* [Description of the task]: Your copy should match the entries below exactly, apart from the images.

* [Data under study]:
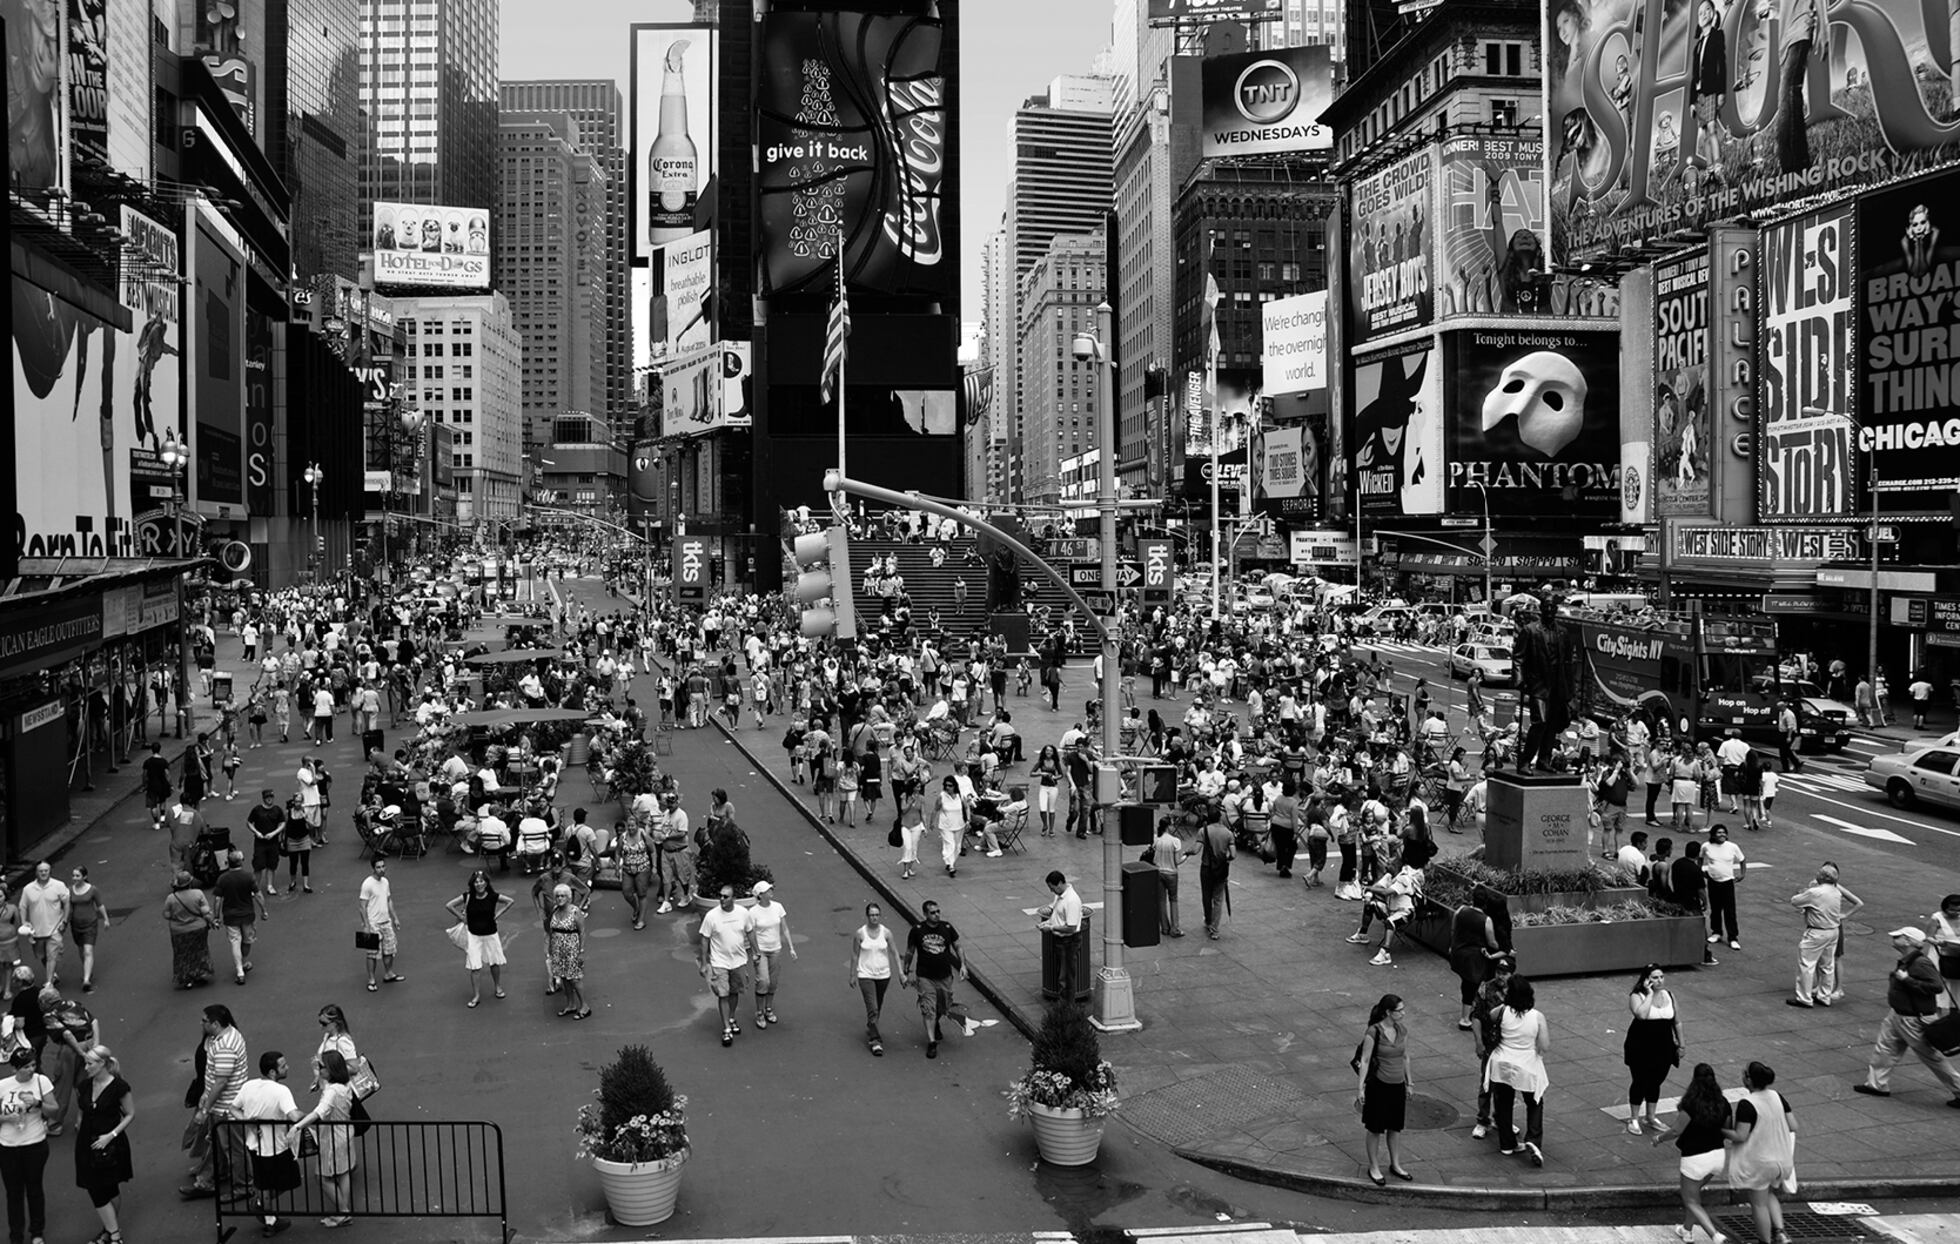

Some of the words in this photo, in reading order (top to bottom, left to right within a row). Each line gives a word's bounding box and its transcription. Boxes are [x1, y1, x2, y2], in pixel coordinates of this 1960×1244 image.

[1244, 83, 1291, 104] TNT
[1214, 125, 1320, 144] WEDNESDAYS
[766, 142, 804, 163] give
[808, 140, 824, 158] it
[828, 142, 868, 161] back
[1484, 141, 1513, 152] BEST
[1485, 152, 1511, 160] 2009
[1514, 153, 1538, 161] TONY
[653, 158, 694, 173] Corona
[662, 170, 688, 178] Extra
[1357, 178, 1380, 200] THE
[1383, 152, 1430, 189] CROWD
[1358, 189, 1391, 218] GOES
[1393, 170, 1429, 201] WILD!
[1566, 229, 1589, 249] THE
[1592, 205, 1681, 243] ADVENTURES
[1685, 194, 1707, 217] OF
[1709, 187, 1738, 211] THE
[1742, 165, 1823, 201] WISHING
[1827, 147, 1886, 181] ROCK
[575, 186, 588, 287] NOVOTEL
[668, 244, 710, 268] INGLOT
[670, 271, 706, 292] breathable
[1361, 264, 1399, 313] JERSEY
[1400, 253, 1428, 300] BOYS
[1868, 260, 1960, 304] BROA
[677, 292, 699, 310] polish
[1658, 289, 1707, 336] SOUT
[1265, 315, 1290, 332] We're
[1269, 341, 1285, 357] the
[1473, 332, 1515, 349] Tonight
[1518, 332, 1561, 349] belongs
[1564, 336, 1588, 348] to...
[1731, 248, 1750, 458] PALACE
[1285, 361, 1316, 380] world.
[1765, 310, 1851, 425] SIDE
[1449, 461, 1621, 490] PHANTOM
[1282, 499, 1313, 511] SEPHORA
[1061, 541, 1073, 556] 46
[1076, 541, 1085, 550] ST
[1682, 531, 1707, 555] WEST
[1711, 531, 1736, 556] SIDE
[1739, 531, 1768, 557] STORY
[1782, 532, 1824, 558] WEST
[683, 541, 703, 583] tkts
[1148, 544, 1168, 586] tkts
[1080, 571, 1101, 582] ONE
[1934, 602, 1957, 611] TIMES
[27, 623, 55, 649] EAGLE
[56, 613, 100, 641] OUTFITTERS
[1649, 640, 1664, 660] NY
[1718, 697, 1735, 709] Hop
[1743, 706, 1759, 716] Hop
[1760, 706, 1771, 715] off
[1541, 814, 1570, 823] GEORGE
[1543, 829, 1569, 837] COHAN
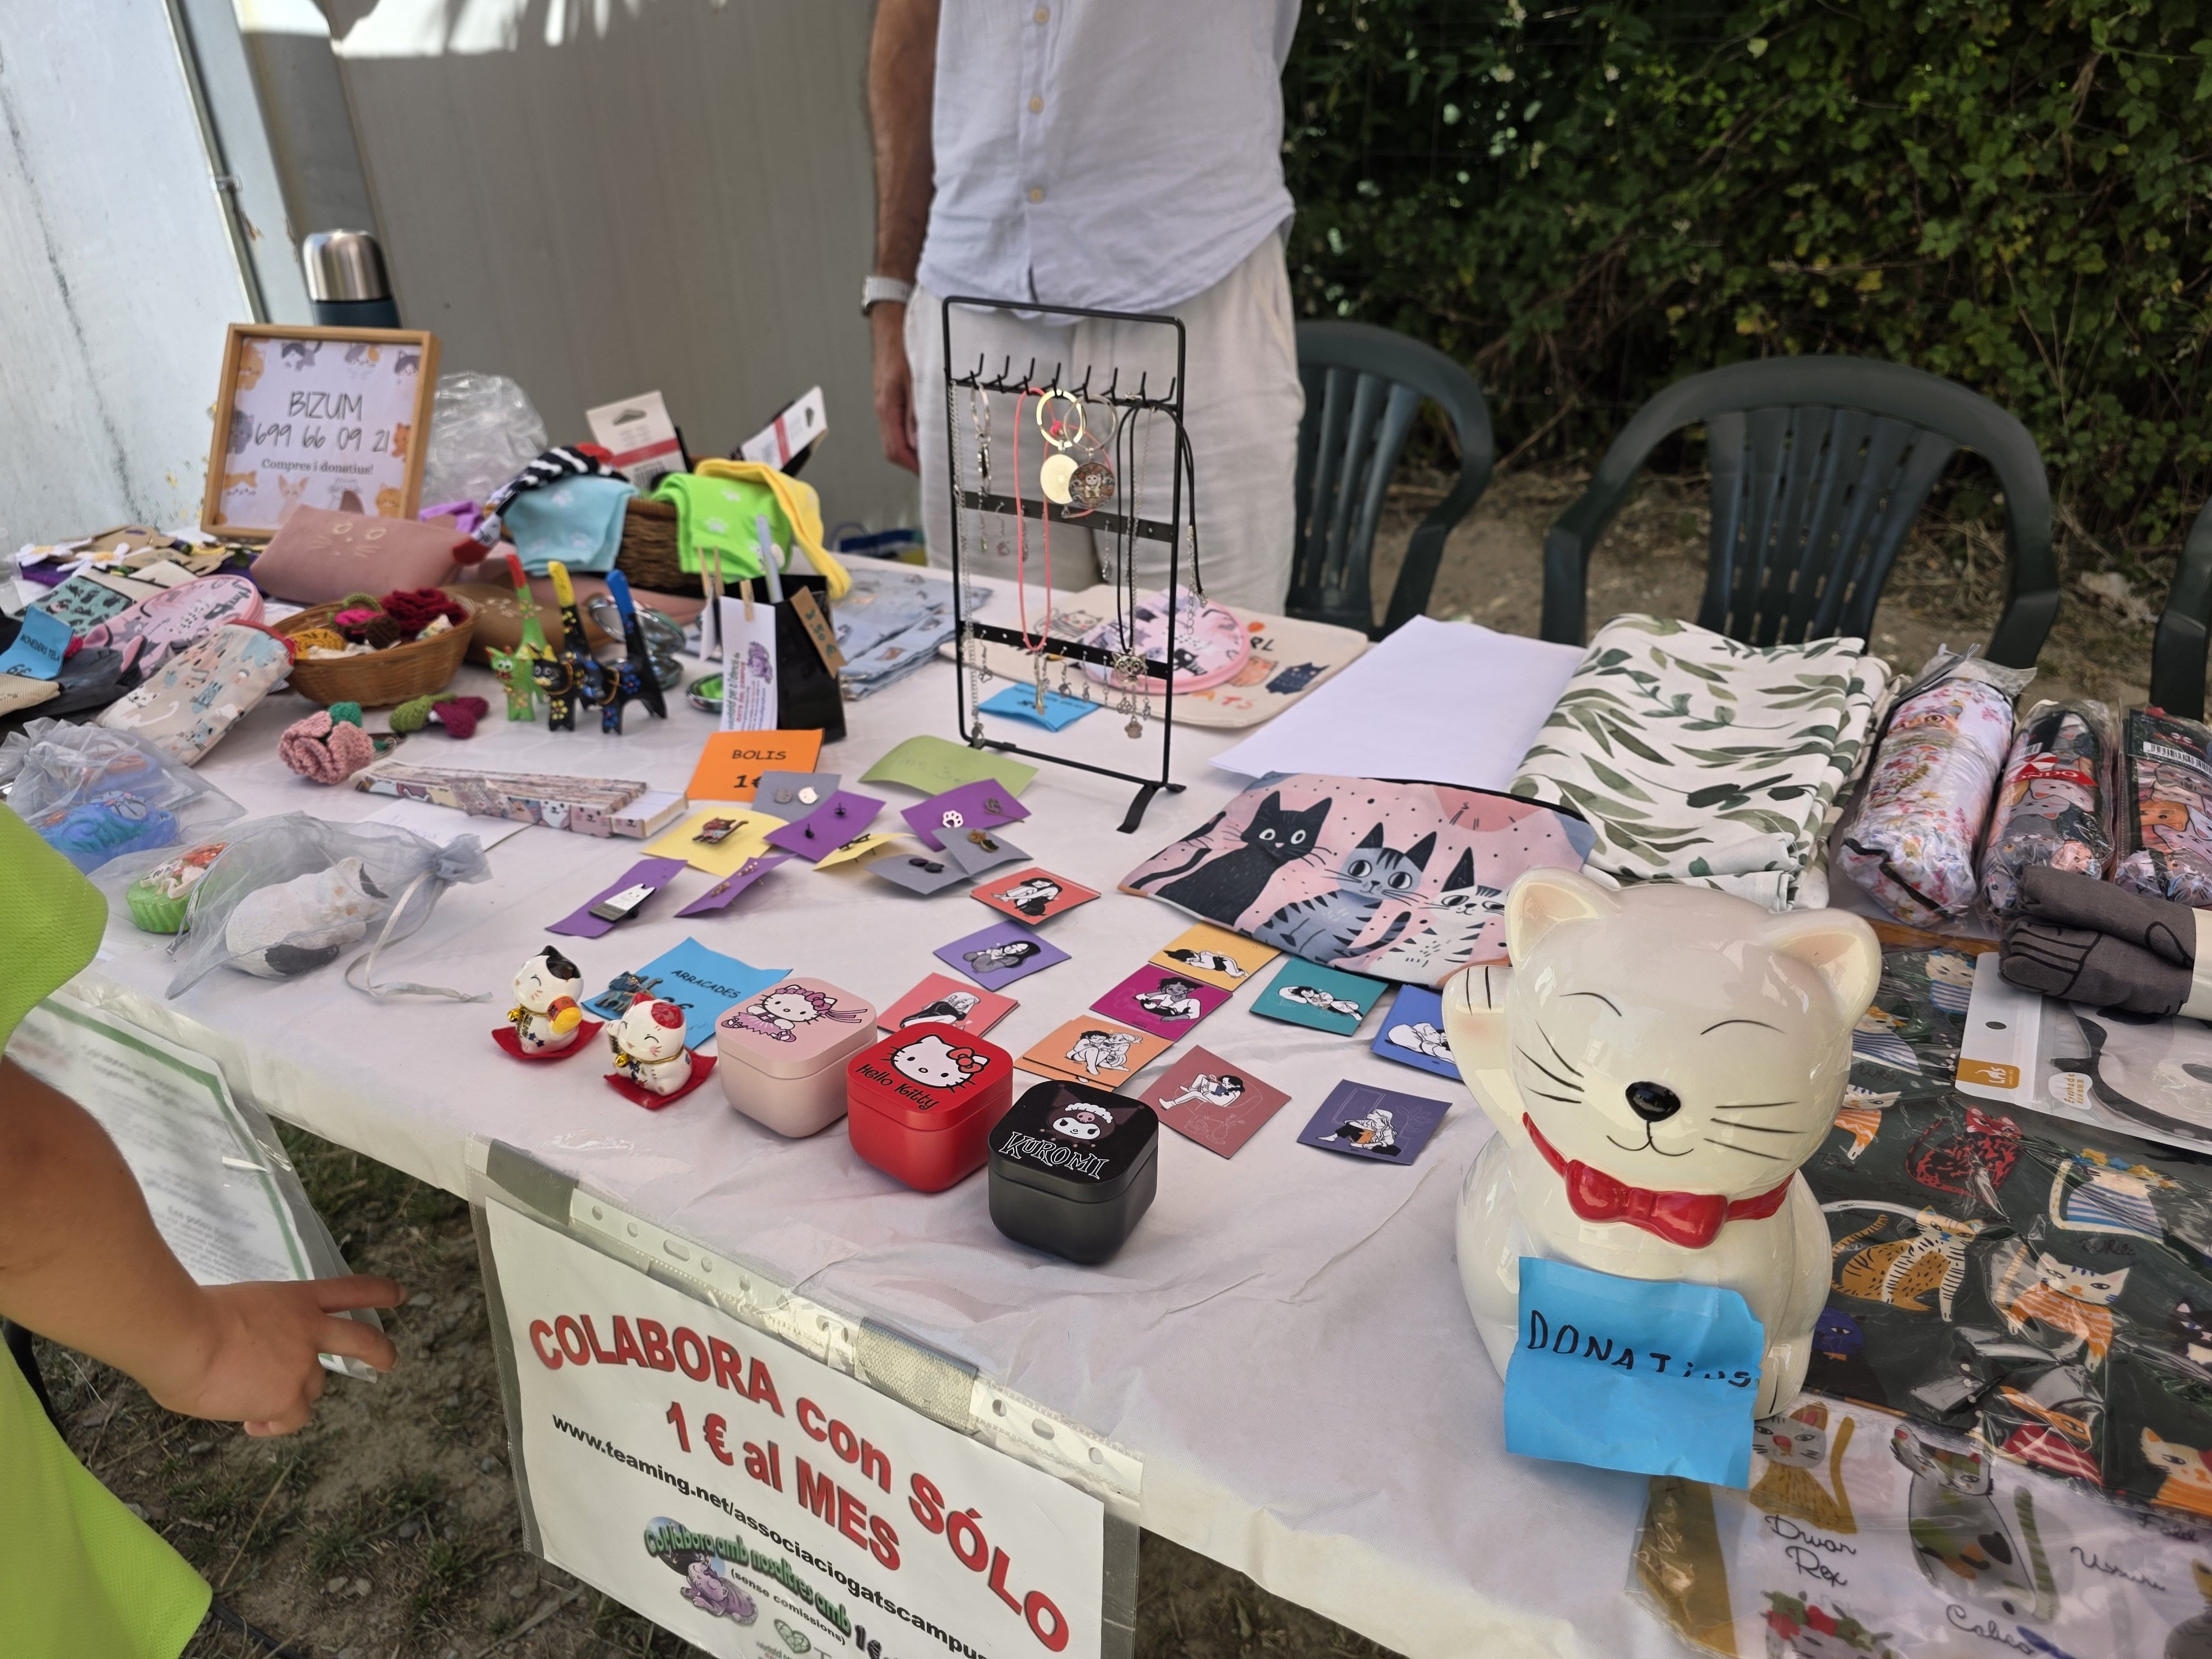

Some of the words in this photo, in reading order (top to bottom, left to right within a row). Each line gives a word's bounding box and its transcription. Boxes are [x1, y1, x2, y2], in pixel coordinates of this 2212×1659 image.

* [Result of this exercise]:
Some of the words in this photo, in reading order (top to bottom, left to right within a row). Each line gives a word's bounding box and its transcription. Boxes are [x1, y1, x2, y2], in pixel coordinates of this 1960×1244 image.

[1244, 83, 1291, 104] TNT
[1214, 125, 1320, 144] WEDNESDAYS
[766, 142, 804, 163] give
[808, 140, 824, 158] it
[828, 142, 868, 161] back
[1484, 141, 1513, 152] BEST
[1485, 152, 1511, 160] 2009
[1514, 153, 1538, 161] TONY
[653, 158, 694, 173] Corona
[662, 170, 688, 178] Extra
[1357, 178, 1380, 200] THE
[1383, 152, 1430, 189] CROWD
[1358, 189, 1391, 218] GOES
[1393, 170, 1429, 201] WILD!
[1566, 229, 1589, 249] THE
[1592, 205, 1681, 243] ADVENTURES
[1685, 194, 1707, 217] OF
[1709, 187, 1738, 211] THE
[1742, 165, 1823, 201] WISHING
[1827, 147, 1886, 181] ROCK
[575, 186, 588, 287] NOVOTEL
[668, 244, 710, 268] INGLOT
[670, 271, 706, 292] breathable
[1361, 264, 1399, 313] JERSEY
[1400, 253, 1428, 300] BOYS
[1868, 260, 1960, 304] BROA
[677, 292, 699, 310] polish
[1658, 289, 1707, 336] SOUT
[1265, 315, 1290, 332] We're
[1269, 341, 1285, 357] the
[1473, 332, 1515, 349] Tonight
[1518, 332, 1561, 349] belongs
[1564, 336, 1588, 348] to...
[1731, 248, 1750, 458] PALACE
[1285, 361, 1316, 380] world.
[1765, 310, 1851, 425] SIDE
[1449, 461, 1621, 490] PHANTOM
[1282, 499, 1313, 511] SEPHORA
[1061, 541, 1073, 556] 46
[1076, 541, 1085, 550] ST
[1682, 531, 1707, 555] WEST
[1711, 531, 1736, 556] SIDE
[1739, 531, 1768, 557] STORY
[1782, 532, 1824, 558] WEST
[683, 541, 703, 583] tkts
[1148, 544, 1168, 586] tkts
[1080, 571, 1101, 582] ONE
[1934, 602, 1957, 611] TIMES
[27, 623, 55, 649] EAGLE
[56, 613, 100, 641] OUTFITTERS
[1649, 640, 1664, 660] NY
[1718, 697, 1735, 709] Hop
[1743, 706, 1759, 716] Hop
[1760, 706, 1771, 715] off
[1541, 814, 1570, 823] GEORGE
[1543, 829, 1569, 837] COHAN

Some of the words in this photo, in reading order (top to bottom, left to right within a row). Each line gives a word's bounding box and its transcription. Boxes are [x1, y1, x2, y2], in pixel coordinates of this 2212×1659 image.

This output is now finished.